Medicine (Baltimore)杂志 2024 12月20日在线发表厦门大学中山医院的Guijiang Dong , Quanqing Li, Jin Sun,等撰写的《伽玛刀放射外科治疗伴有或不伴有持续疼痛的三叉神经痛患者的长期疗效。Long-term outcomes of Gamma Knife radiosurgery for trigeminal neuralgia patients with or without concomitant continuous pain》(doi: 10.1097/MD.0000000000041026.)。

引言

伽玛刀放射外科(GKRS)治疗三叉神经痛(TN)的有效性已被许多先前的研究证明。然而,缺乏专门研究记录GKRS治疗TN并伴有持续疼痛( concomitant continuous painCCP)后阵发性和持续性疼痛的初始和长期结果。

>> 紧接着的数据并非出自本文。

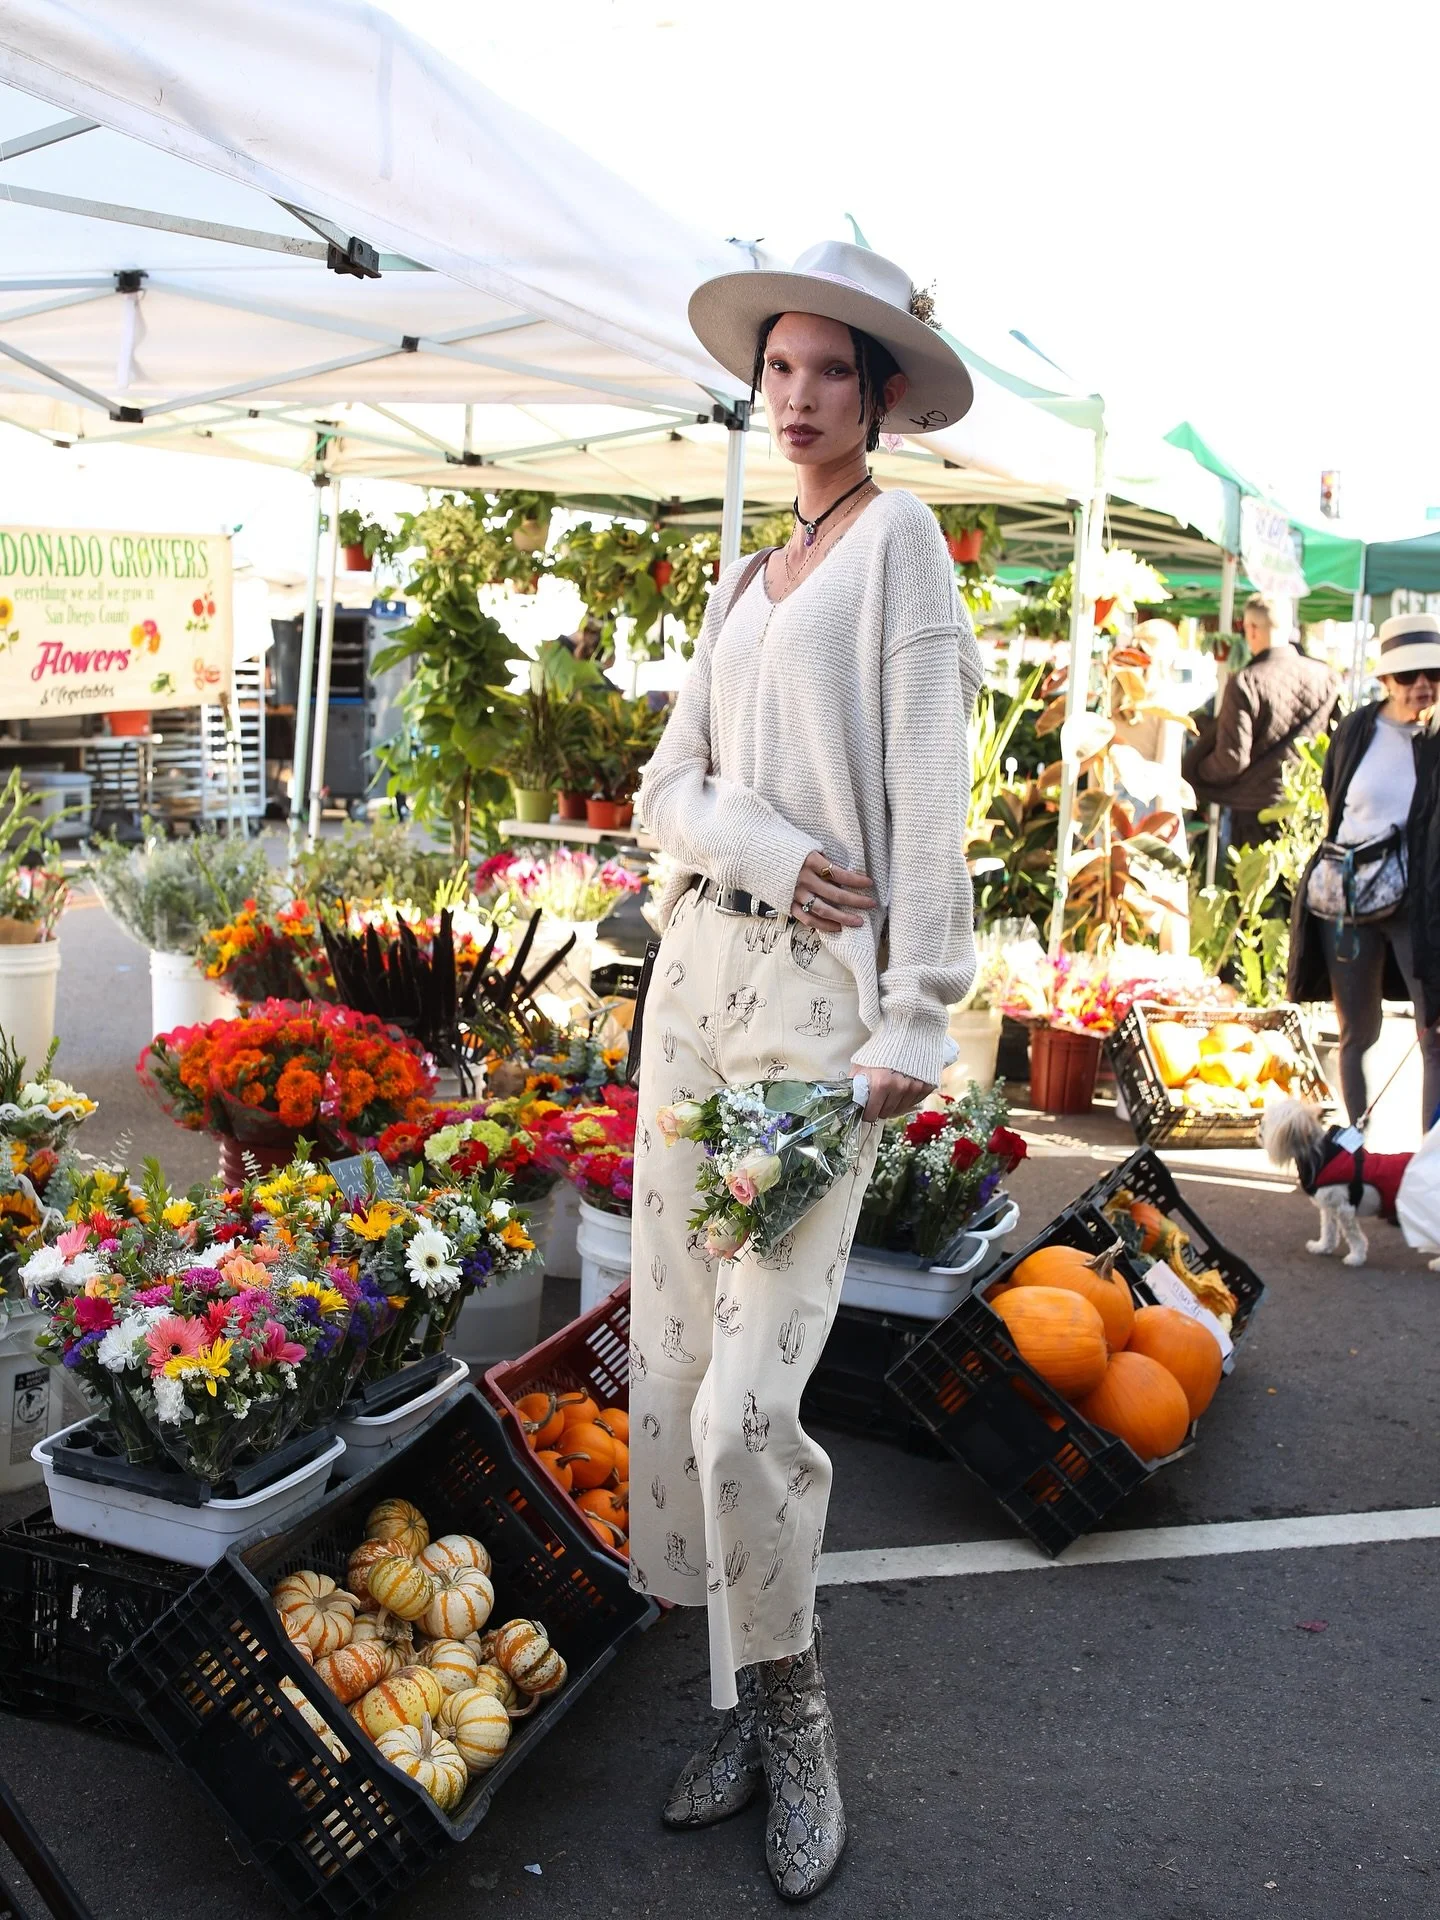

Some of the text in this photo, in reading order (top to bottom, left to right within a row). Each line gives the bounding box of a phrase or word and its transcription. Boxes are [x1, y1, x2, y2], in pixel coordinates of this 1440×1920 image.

[0, 532, 209, 579] DONADO GROWERS
[14, 581, 66, 603] everything
[45, 603, 130, 626] San Diego County
[31, 641, 131, 681] Flowers
[51, 684, 115, 704] Vegetables

三叉神经痛(TN)的主要临床特征是三叉神经感觉分布的阵发性、触电样、单侧疼痛。然而,相当大比例的TN患者(20%至40%)也可能出现非典型症状。这种非典型疼痛通常被描述为发生在发作之间的持续面部疼痛,发生在受影响的三叉神经区域,根据第三版国际头痛疾病分类(ICHD-3)称为伴随性持续性疼痛(CCP),以前称为“非典型TN”或“TN 2型”。与CCP相关的持久、剧烈的面部疼痛显著影响患者的生活质量,并可能导致焦虑和抑郁等心理问题,促使研究人员和神经外科医生更深入地了解这种疾病的病因和治疗方法。不幸的是,尚不清楚CCP的根本原因,这给确定有效的TN治疗提出了相当大的挑战。

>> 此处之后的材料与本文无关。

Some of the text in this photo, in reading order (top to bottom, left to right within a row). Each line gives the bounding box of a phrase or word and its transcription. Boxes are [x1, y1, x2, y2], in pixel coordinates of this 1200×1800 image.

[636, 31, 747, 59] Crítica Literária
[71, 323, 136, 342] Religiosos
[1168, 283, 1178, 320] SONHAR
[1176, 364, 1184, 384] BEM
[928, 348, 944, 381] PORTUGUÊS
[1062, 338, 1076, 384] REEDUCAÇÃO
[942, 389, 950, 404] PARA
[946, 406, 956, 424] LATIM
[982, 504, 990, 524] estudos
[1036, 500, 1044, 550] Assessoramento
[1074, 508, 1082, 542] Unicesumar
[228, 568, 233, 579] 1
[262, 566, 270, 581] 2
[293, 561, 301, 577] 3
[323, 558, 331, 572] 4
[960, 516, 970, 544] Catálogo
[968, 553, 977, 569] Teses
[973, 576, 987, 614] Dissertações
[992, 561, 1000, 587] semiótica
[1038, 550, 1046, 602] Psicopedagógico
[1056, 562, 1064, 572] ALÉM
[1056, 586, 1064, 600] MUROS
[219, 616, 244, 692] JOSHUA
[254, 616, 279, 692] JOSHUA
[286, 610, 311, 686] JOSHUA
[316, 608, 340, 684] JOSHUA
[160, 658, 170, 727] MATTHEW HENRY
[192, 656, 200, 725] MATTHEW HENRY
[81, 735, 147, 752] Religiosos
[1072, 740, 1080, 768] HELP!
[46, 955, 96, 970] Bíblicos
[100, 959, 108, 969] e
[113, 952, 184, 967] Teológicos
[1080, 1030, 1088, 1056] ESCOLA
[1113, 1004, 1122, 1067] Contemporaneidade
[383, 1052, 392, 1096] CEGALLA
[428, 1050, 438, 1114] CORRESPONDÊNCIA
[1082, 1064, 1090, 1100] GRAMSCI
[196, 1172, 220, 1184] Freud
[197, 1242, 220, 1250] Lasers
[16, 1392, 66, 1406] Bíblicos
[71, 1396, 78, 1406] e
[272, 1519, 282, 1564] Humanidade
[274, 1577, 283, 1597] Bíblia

治疗TN的常见手术方法包括微血管减压(MVD)、经皮消融手术和伽玛刀放射外科(GKRS)。每一种手术都有自己的优点和局限性,并根据患者的具体临床特征和需求量身定制。GKRS治疗是一种相对无创和简单的手术,通过阻断REZ或半月神经节区过度活跃的神经传导起作用。尽管MVD的疗效更高,并发症更少,但由于GKRS可以在局麻下进行,一般推荐作为全身健康状况不佳、不愿手术麻醉的TN患者的一线治疗。因此,GKRS在TN的手术治疗中发挥着重要作用。

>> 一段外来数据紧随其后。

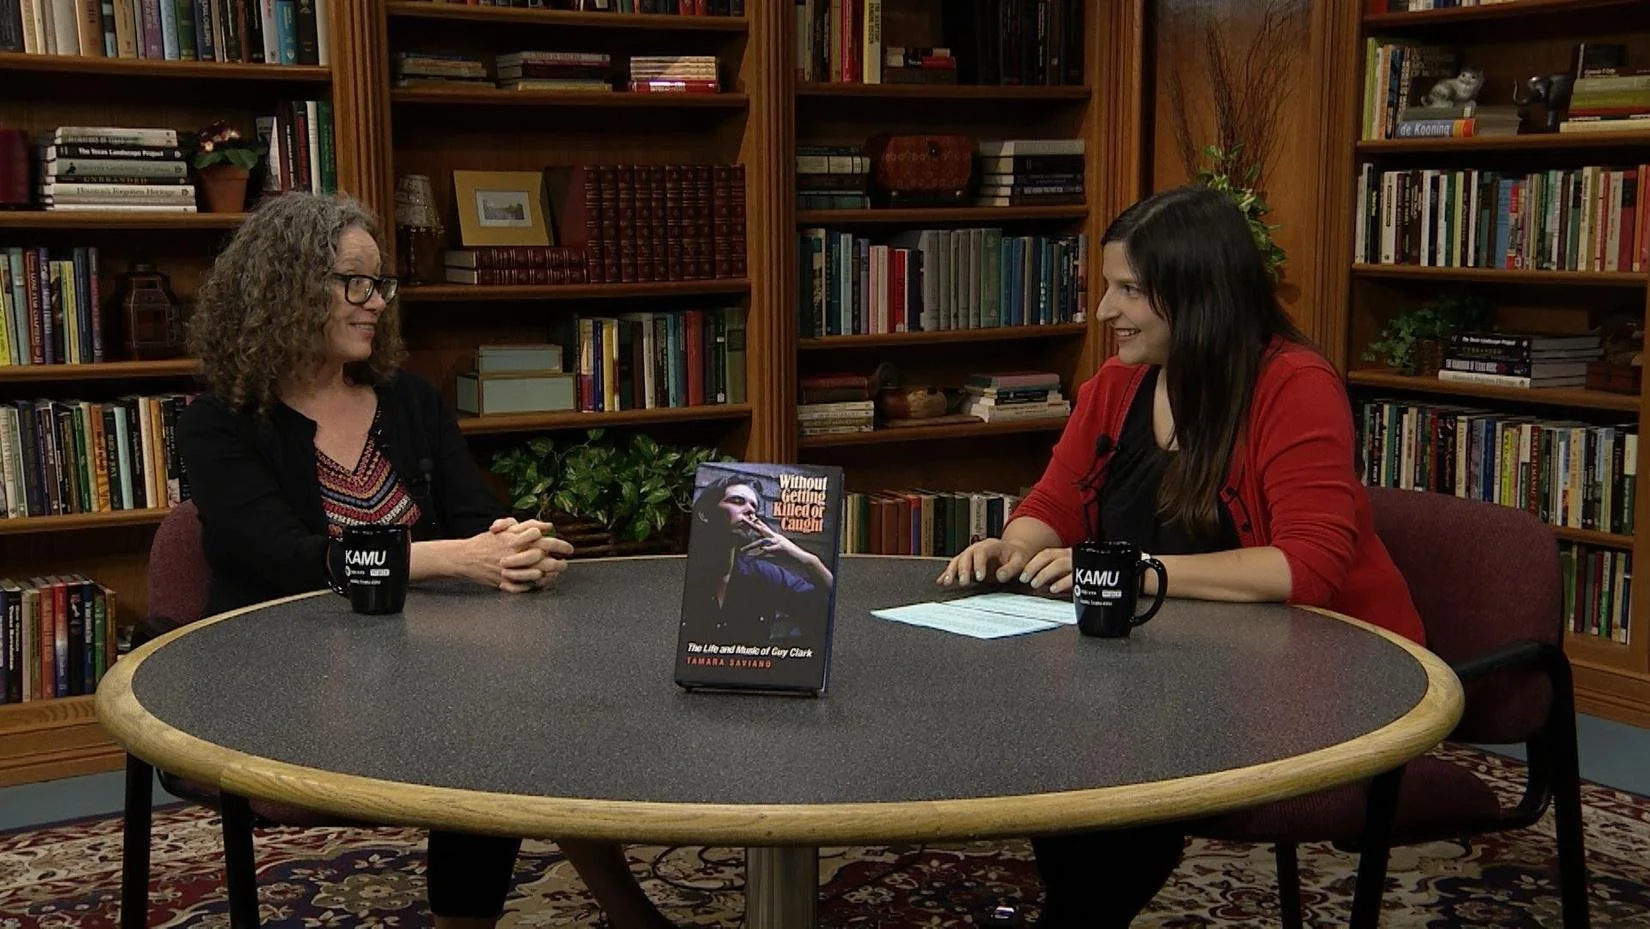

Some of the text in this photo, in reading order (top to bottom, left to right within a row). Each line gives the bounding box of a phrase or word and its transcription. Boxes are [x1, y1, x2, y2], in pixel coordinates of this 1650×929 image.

[1400, 122, 1450, 136] de Kooning
[79, 147, 90, 155] The
[91, 147, 108, 155] Texas
[779, 474, 828, 490] Without
[781, 489, 826, 506] Getting
[773, 501, 825, 518] Killed or
[781, 517, 824, 533] Caught
[345, 550, 387, 566] KAMU
[1075, 567, 1120, 587] KAMU
[687, 642, 813, 659] The Life and Music of Guy Clark
[687, 657, 772, 668] TAMARA SAVIANO

1953年Lars Leksell率先对TN进行放射外科治疗以来,许多研究都强调了GKRS对这种疾病的有效性。大约24%至71%的患者在GKRS治疗后1至2年持续疼痛缓解,33%至56%的患者在4至5年仍报告疼痛缓解。然而,最近的研究发现,非典型特征是GKRS不良反应的一个重要预测因素,这给临床医生决定是否继续对伴有CCP的TN进行这种治疗提出了挑战。不幸的是,关注GKRS治疗伴有CCP的TN的长期结果的大样本量研究数量有限,导致结果不确定。在本研究中,我们收集了2组在我院接受GKRS的患者的临床数据,并对他们进行了至少6个月的随访,以评估CCP患者的TN对GKRS治疗的反应,并确定不利结果的潜在危险因素。

患者和方法

本研究回顾性分析了2019年1月至2024年1月在我院接受GKRS作为初始手术干预的46例伴有CCP的TN患者和112例不伴CCP的TN患者的疼痛结局和并发症。疼痛结果分为优(BNI I)、良(BNI II-IIIa)和差(BNI IIIb-V)。比较伴有CCP和不伴CCP患者的人口学和临床数据、疼痛结局和并发症。随后,采用单因素和多因素Cox回归分析评估GKRS后不良预后的危险因素。

2.1. 病人的特点

2019年1月至2024年1月,我科共筛查了218例TN患者。纳入标准包括经典或特发性TN患者。排除标准排除继发性TN患者、其他类型面部疼痛患者、既往有MVD、GKRS或经皮手术史的患者以及未随访或随访时间<6个月的患者。进行GKRS的决定是基于术前磁共振断层神经血管造影图像、患者偏好和整体健康状况。TN患者的筛查过程如图1所示。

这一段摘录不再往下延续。